# The problem:
Every line of the data should be written out exactly, with the pictures left out.

# Entries shown:

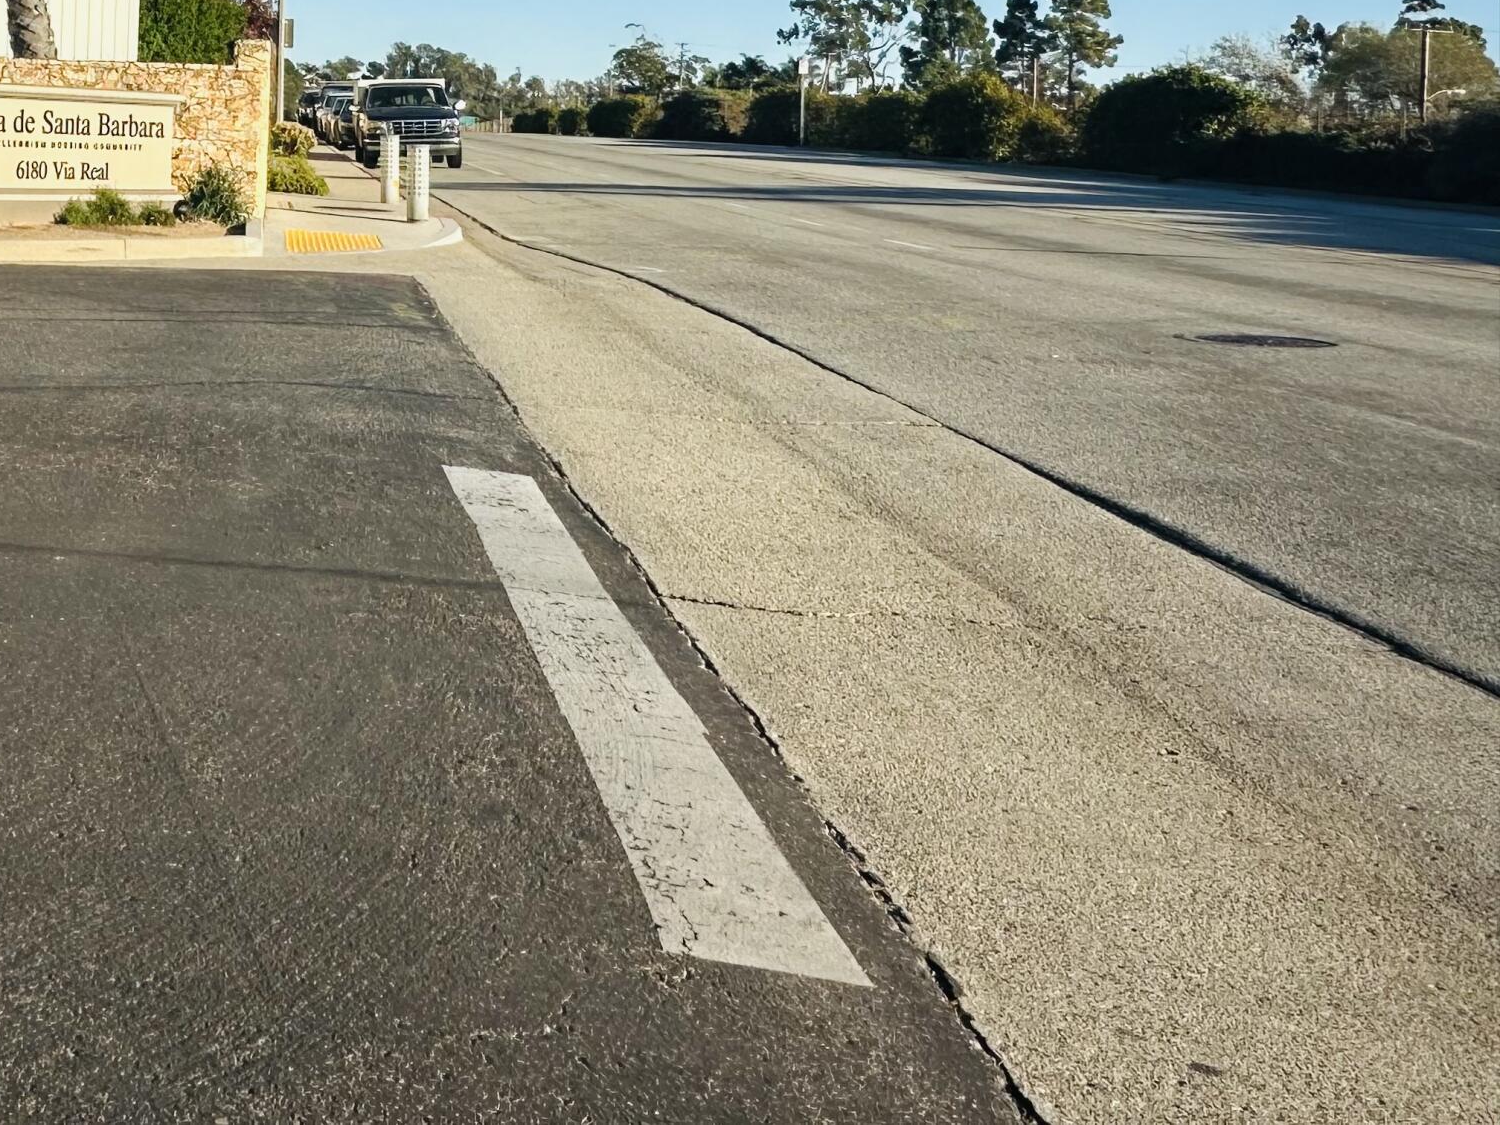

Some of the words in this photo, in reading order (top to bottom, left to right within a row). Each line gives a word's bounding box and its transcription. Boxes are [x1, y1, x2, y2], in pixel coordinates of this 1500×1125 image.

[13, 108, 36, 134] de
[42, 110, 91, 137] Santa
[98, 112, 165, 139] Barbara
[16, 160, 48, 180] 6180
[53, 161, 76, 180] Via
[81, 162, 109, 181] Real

# Written answer:
Some of the words in this photo, in reading order (top to bottom, left to right within a row). Each line gives a word's bounding box and its transcription. Boxes are [x1, y1, x2, y2], in pixel coordinates of this 1500×1125 image.

[13, 108, 36, 134] de
[42, 110, 91, 137] Santa
[98, 112, 165, 139] Barbara
[16, 160, 48, 180] 6180
[53, 161, 76, 180] Via
[81, 162, 109, 181] Real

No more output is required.